To be sure, some flags were raised in the early weeks about Covid’s origin and the lab-leak possibility. The most prominent internal flag came on January 25 in a rare Saturday briefing from Dr. Will Walters, then the Department’s Deputy Chief Medical Officer for Operations, who cited the virus’s peculiar spike protein, the Wuhan Institute of Virology’s coronavirus research and proximity to the outbreak, and the fact that lab leaks are not so rare. That got some people’s attention but didn’t materially alter our posture.
In February, a colleague alerted me to cables that had been written by the U.S. Embassy in Beijing in 2017 and 2018 about safety concerns at the Wuhan Institute of Virology. The cables were prescient, having specifically cited the sensitivity of the lab’s work on SARS-like bat coronaviruses and human infectivity. They had also been ignored. Upon hearing this, I regret to say, I initially shrugged. Many cables get written overseas and ignored in Washington (alas), and it wasn’t clear that this case represented a particular failing. But it certainly was a failing, as anyone with an understanding of the gain-of-function issue could recognize. I just didn’t have that understanding yet, and not enough of our colleagues who did know the issue were active in getting the rest of us up to speed.
Our general understanding remained that Covid’s emergence was almost certainly normal, i.e. natural and “zoonotic” and unrelated to any lab. This was the thrust of what we were told and given to read, including in products from our Intelligence Community and the intelligence agencies of our allies. It also matched, of course, the most visible public commentary from outside of government.
This was no coincidence, it turns out
Deflecting and Denying
What we didn’t know at the time – but have since learned, mostly thanks to good journalism and the Freedom of Information Act (FOIA) – is that many of the most influential U.S. government and academic authorities on virology were coordinating to, as one put it, “disprove any type of lab theory.”
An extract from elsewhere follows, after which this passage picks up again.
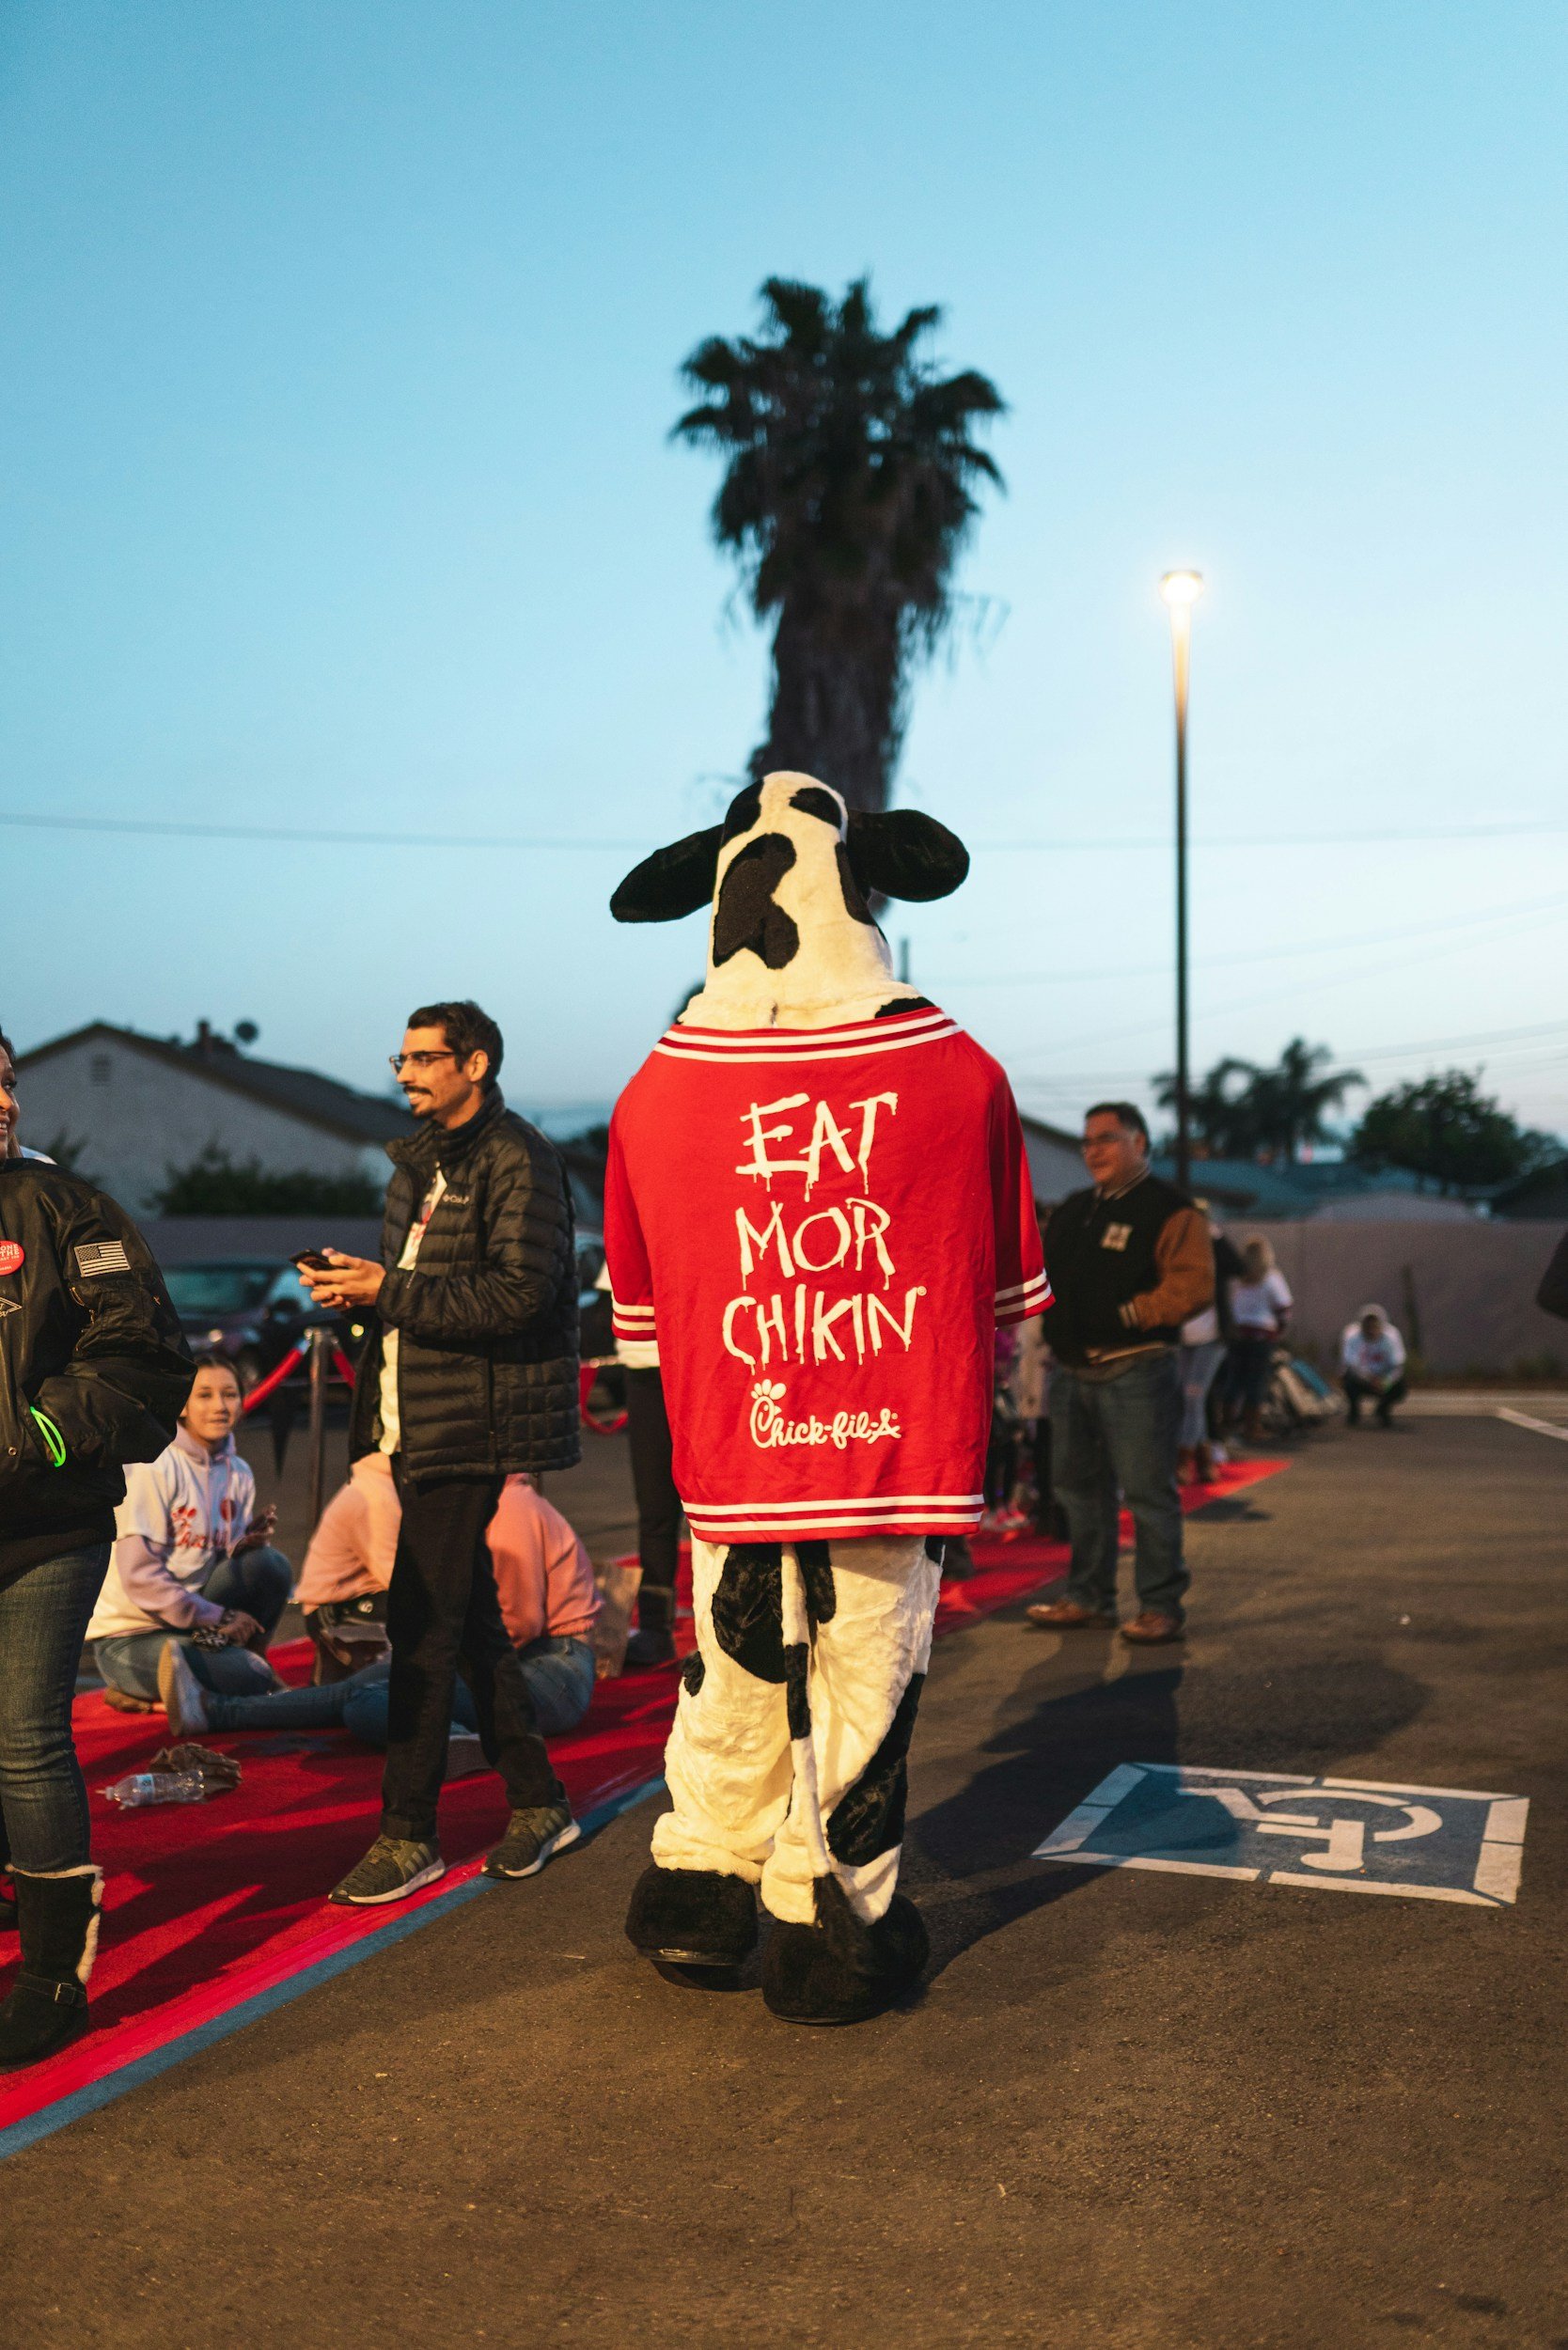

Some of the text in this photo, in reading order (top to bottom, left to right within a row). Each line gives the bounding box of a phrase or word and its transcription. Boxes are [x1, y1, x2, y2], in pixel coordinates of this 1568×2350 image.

Prominent U.S. public-health officials and scientists knew that Covid may have come from a lab. They knew that a lab leak could have resulted from research in Wuhan funded by the U.S. government. And they knew that if such research were in fact part of Covid’s origin, they could all face professional and personal embarrassment. So these officials and scientists collaborated to convince the government and the public not to investigate the origin of Covid – at least not in a fashion that followed the evidence down paths that could point to a lab origin. This was not scientists acting as disinterested experts in their field.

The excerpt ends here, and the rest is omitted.